Collected data
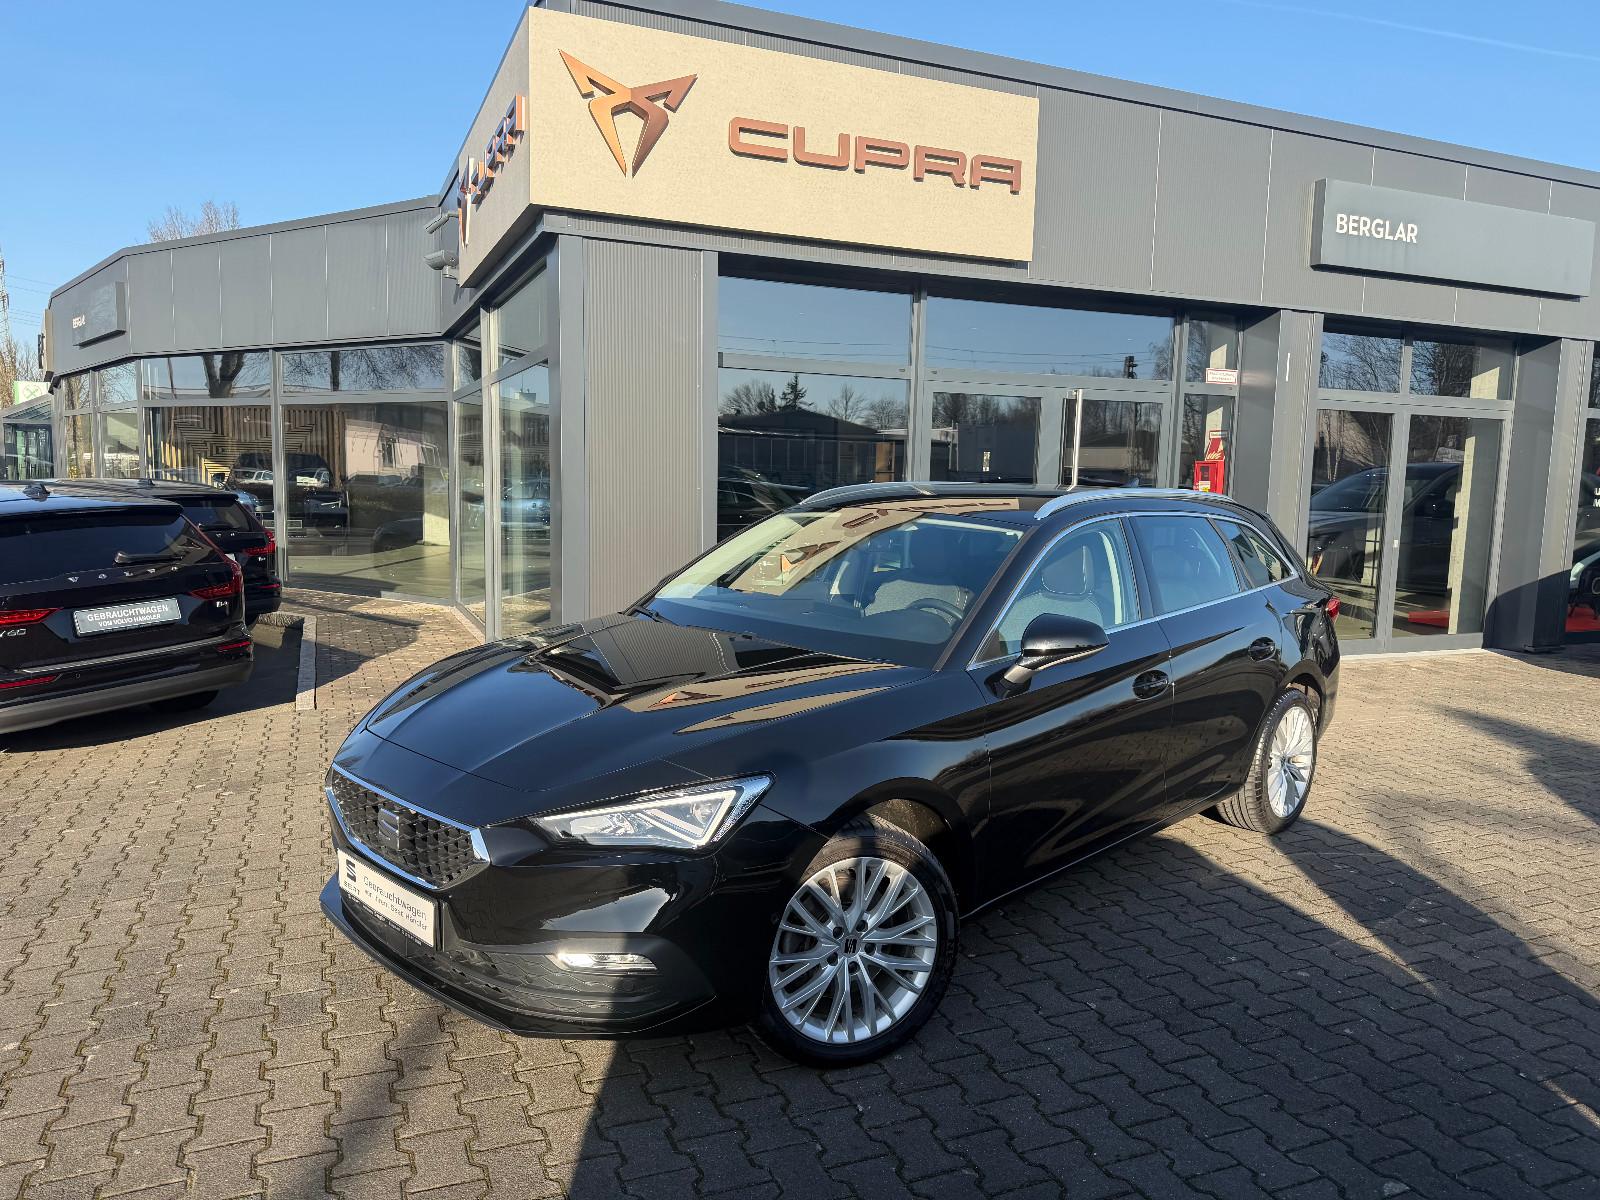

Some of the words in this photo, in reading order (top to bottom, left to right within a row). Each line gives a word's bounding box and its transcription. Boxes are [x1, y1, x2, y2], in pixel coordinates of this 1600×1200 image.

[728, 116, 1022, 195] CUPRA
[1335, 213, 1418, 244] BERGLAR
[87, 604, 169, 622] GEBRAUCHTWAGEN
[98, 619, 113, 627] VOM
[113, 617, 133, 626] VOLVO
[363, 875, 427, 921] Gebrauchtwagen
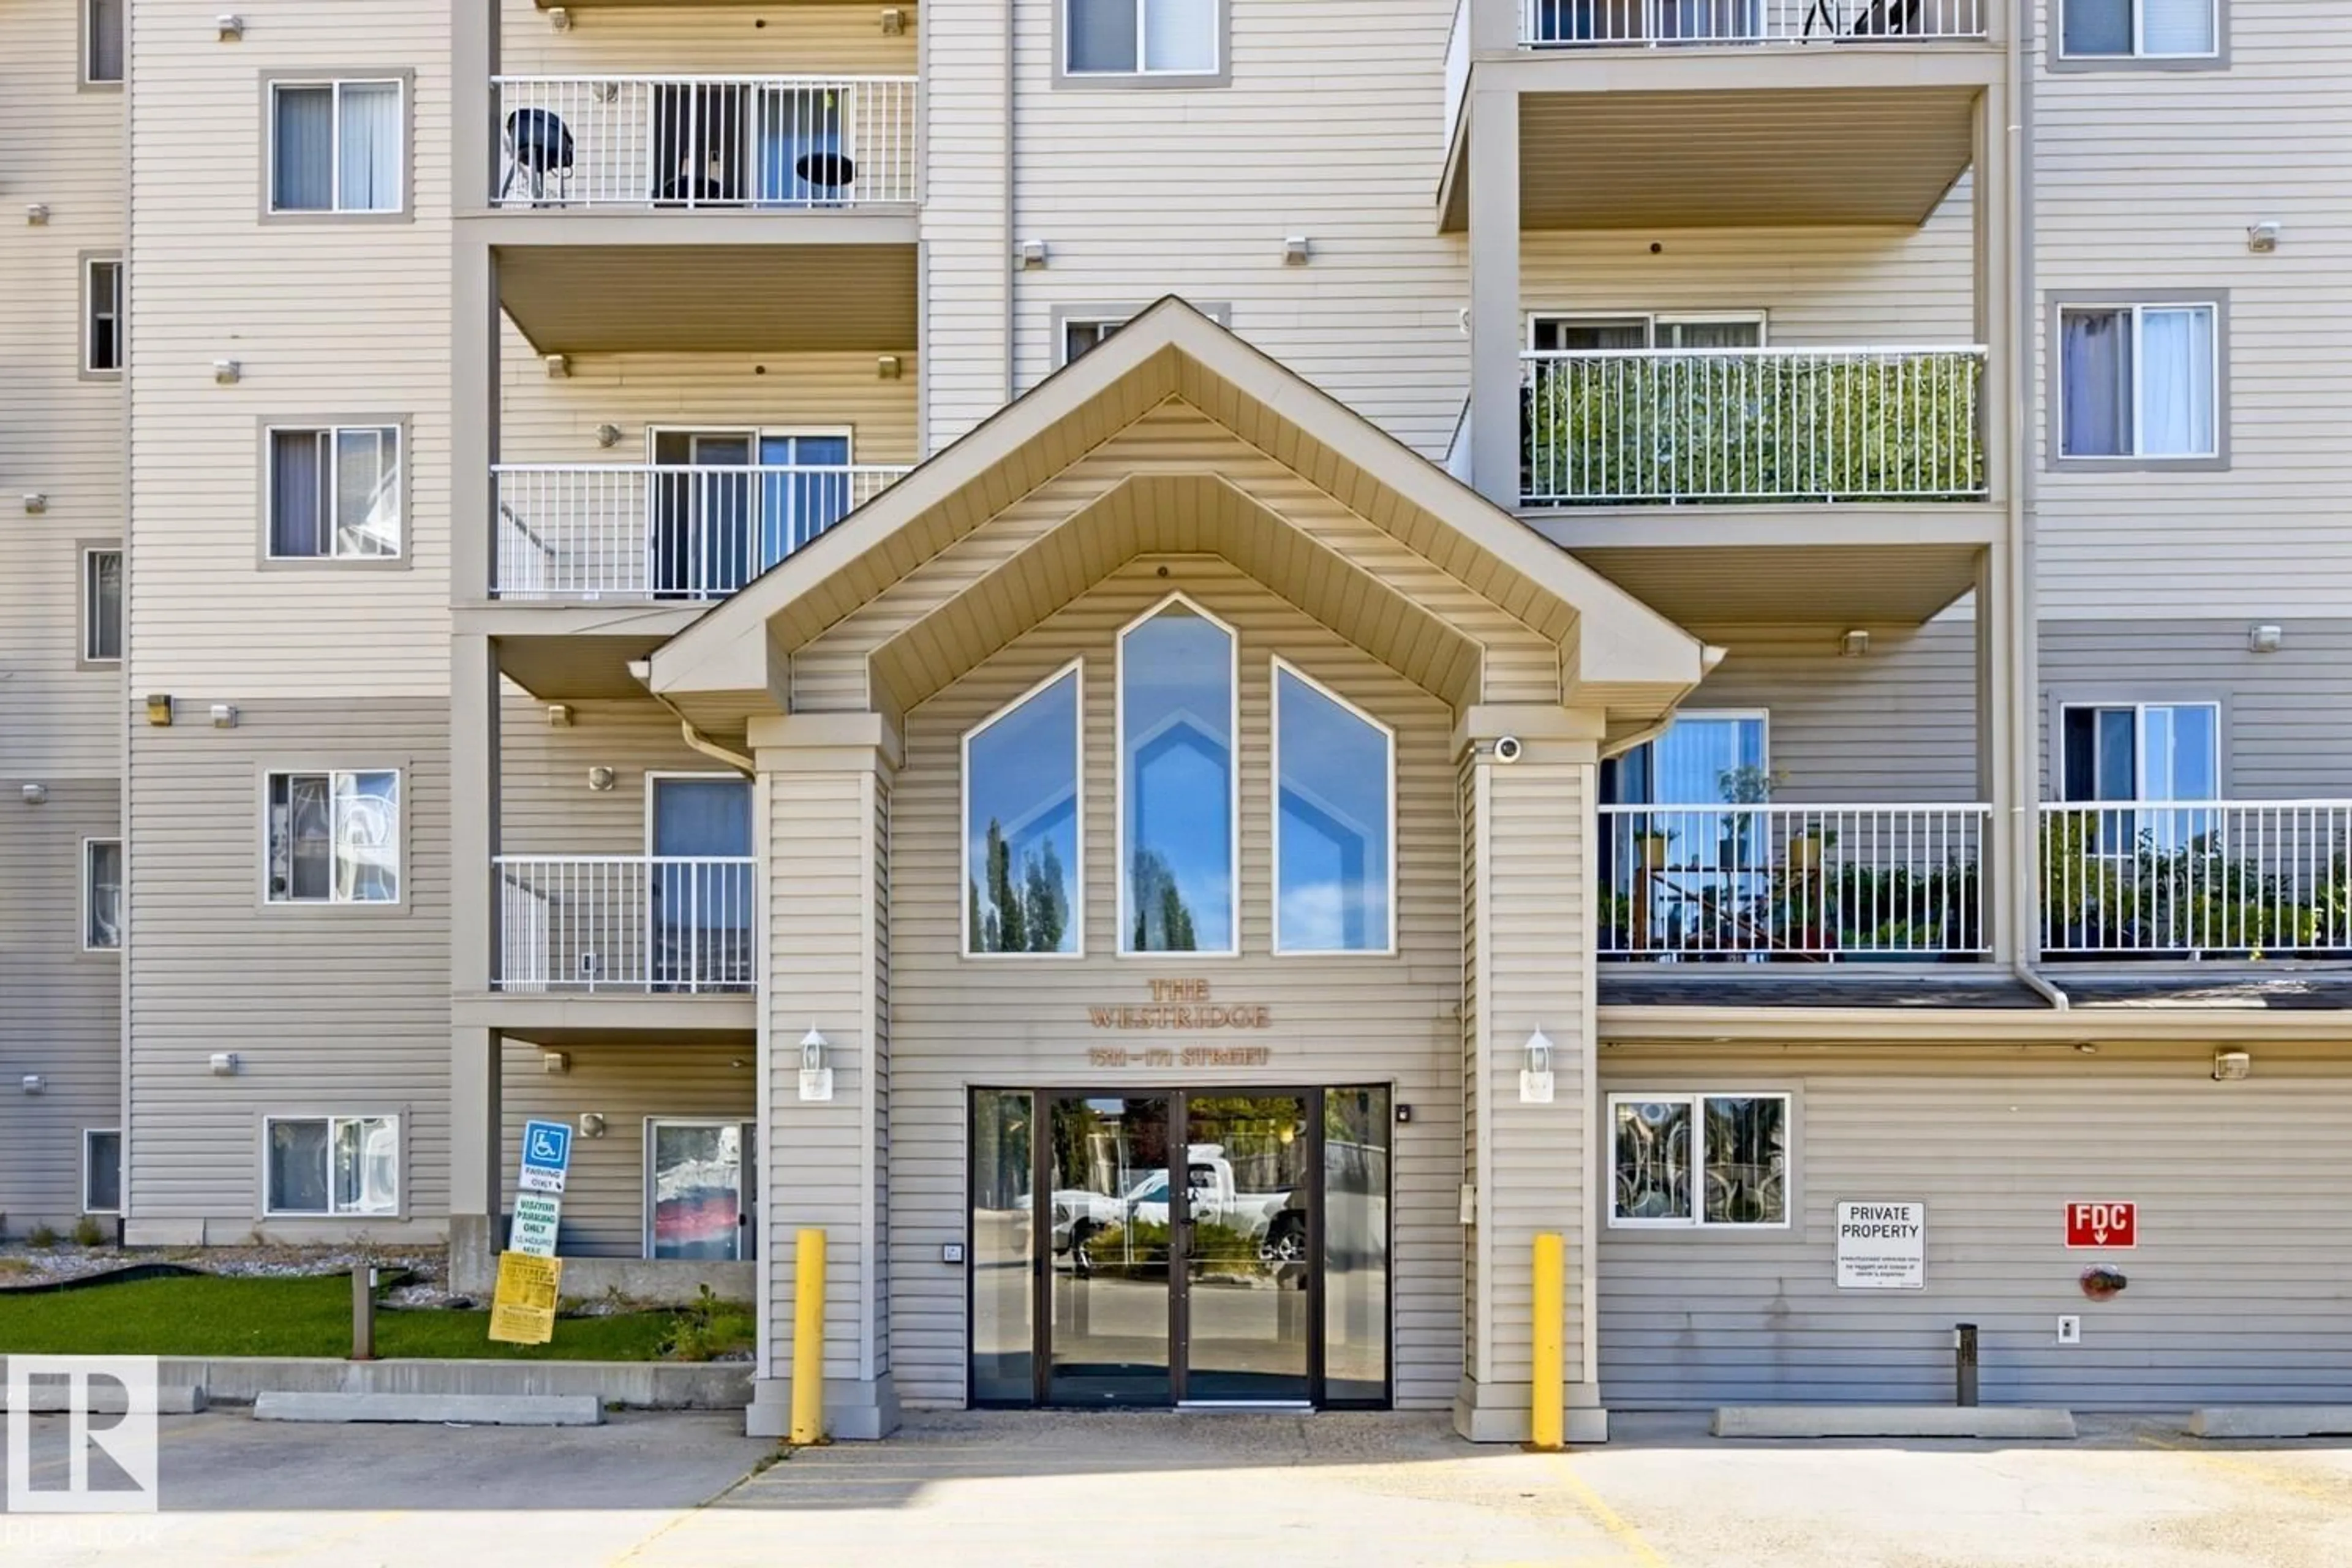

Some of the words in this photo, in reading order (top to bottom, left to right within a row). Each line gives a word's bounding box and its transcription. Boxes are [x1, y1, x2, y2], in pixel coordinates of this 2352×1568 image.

> AIM OF THE EXERCISE:
Please print every record above exactly, but leave the pictures out.

> RESPONSE TO THIS TASK:
Some of the words in this photo, in reading order (top to bottom, left to right within a row). Each line gives a word's bounding box and its transcription. Boxes are [x1, y1, x2, y2], in pixel coordinates of this 1600×1200 image.

[728, 116, 1022, 195] CUPRA
[1335, 213, 1418, 244] BERGLAR
[87, 604, 169, 622] GEBRAUCHTWAGEN
[98, 619, 113, 627] VOM
[113, 617, 133, 626] VOLVO
[363, 875, 427, 921] Gebrauchtwagen

Some of the words in this photo, in reading order (top to bottom, left to right within a row). Each line gives a word's bounding box and its transcription. Boxes are [x1, y1, x2, y2], in pixel coordinates of this 2352×1568 image.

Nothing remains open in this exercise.